Mindfulness-based stress reduction: A literature review and clinician’s guide
Article first published online: 2 APR 2008
© 2008 The Author(s)
Journal of the American Academy of Nurse Practitioners
Volume 20, Issue 4, pages 212–216, April 2008
How to Cite
Praissman, S. (2008), Mindfulness-based stress reduction: A literature review and clinician’s guide. Journal of the American Academy of Nurse Practitioners, 20: 212–216. doi: 10.1111/j.1745-7599.2008.00306.x
- Issue published online: 2 APR 2008
- Article first published online: 2 APR 2008
- Received: December 2006;accepted: April 2007
- stress reduction
Purpose: To provide nurse practitioners (NPs) with clinical research about Mindfulness-Based Stress Reduction (MBSR) and demonstrate its usefulness for reducing stress in a variety of populations.
Data Sources: A literature review was conducted using the following databases: EBSCO, Cinahl, Pschyline, and Medline. English language articles published between 2000 and 2006 in peer-reviewed journals were reviewed. Search terms “mindfulness,”“meditation,” and “stress” were used. Additional information was obtained through select, reputable Internet sites.
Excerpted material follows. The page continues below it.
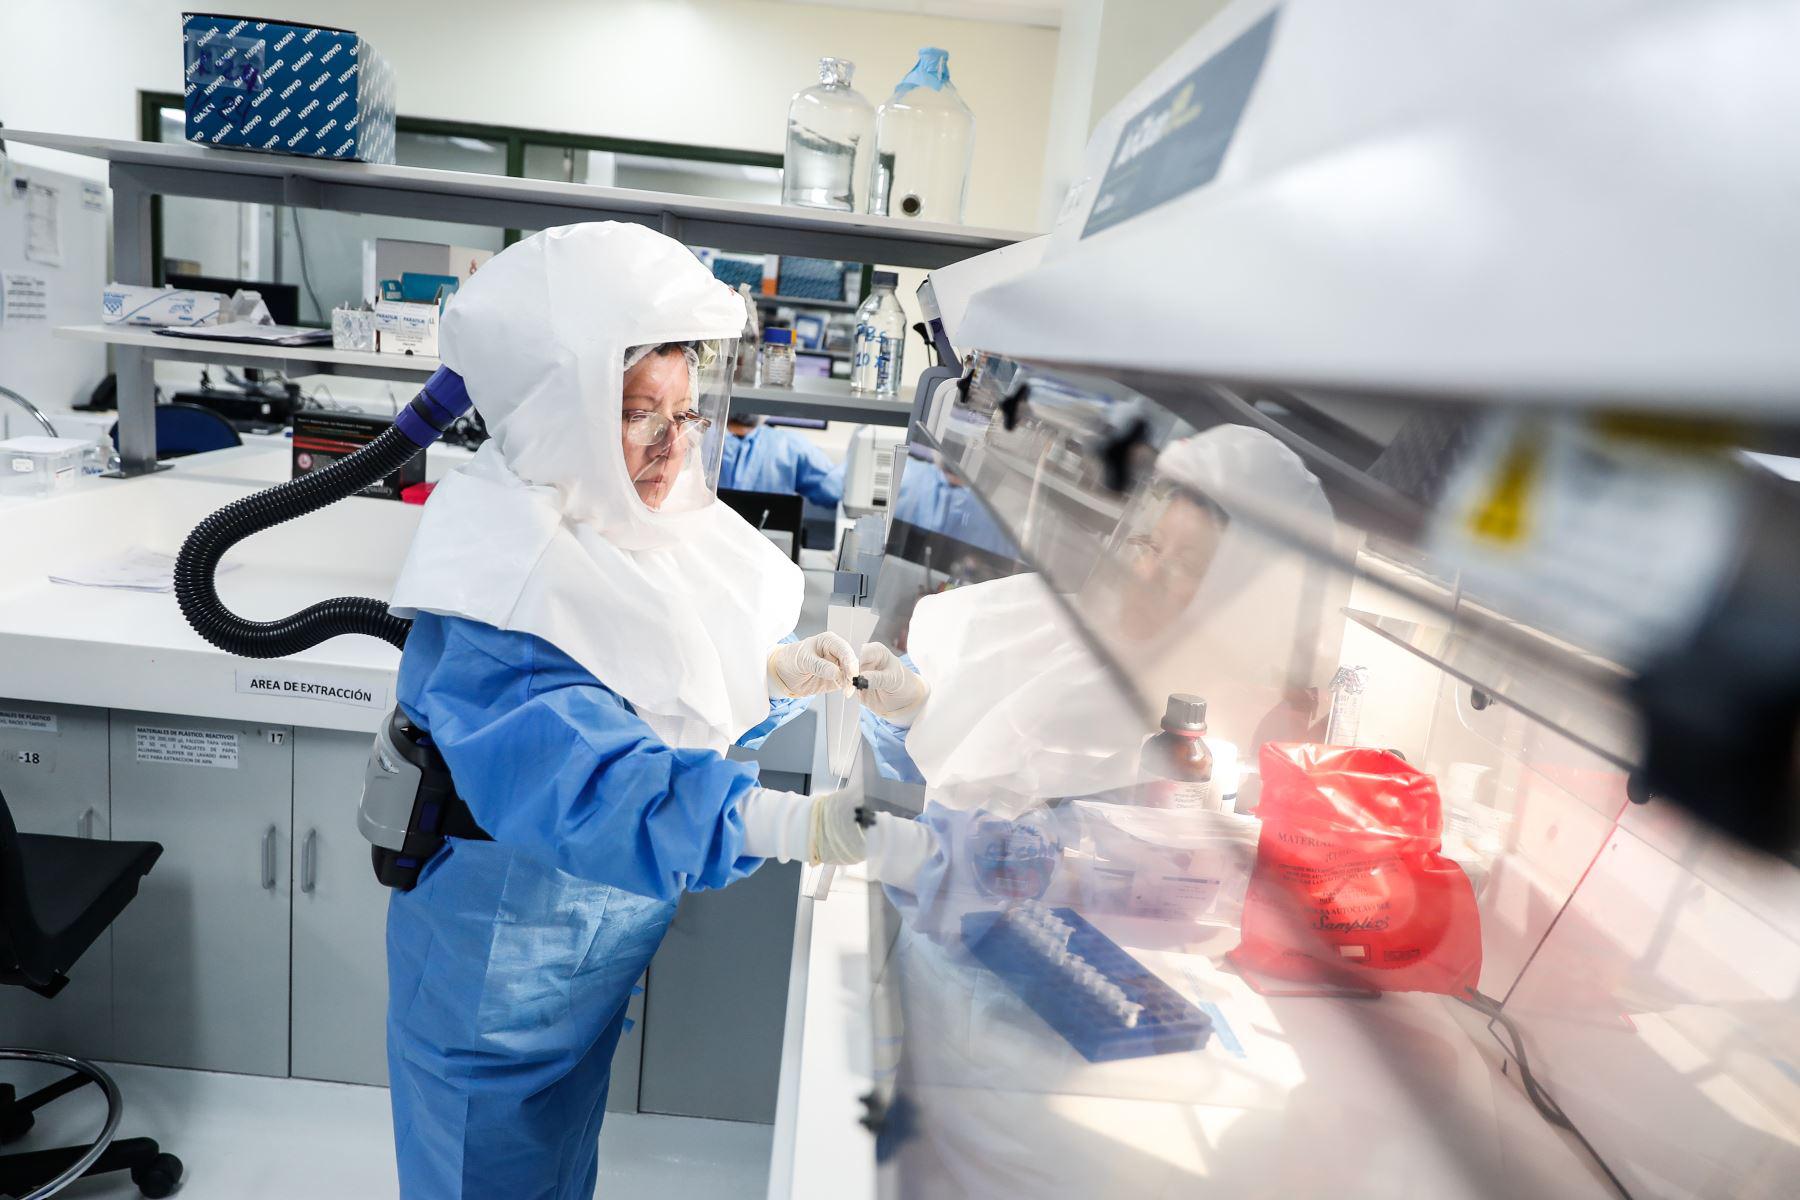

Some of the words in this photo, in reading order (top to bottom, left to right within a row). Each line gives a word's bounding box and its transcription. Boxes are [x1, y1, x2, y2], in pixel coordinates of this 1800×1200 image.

Conclusions: MBSR is an effective treatment for reducing stress and anxiety that accompanies daily life and chronic illness. MBSR is also therapeutic for healthcare providers, enhancing their interactions with patients. No negative side effects from MBSR have been documented.
Implications for practice: MBSR is a safe, effective, integrative approach for reducing stress. Patients and healthcare providers experiencing stress or stress-related symptoms benefit from MBSR programs. NPs can safely and effectively use this intervention in a variety of patient populations.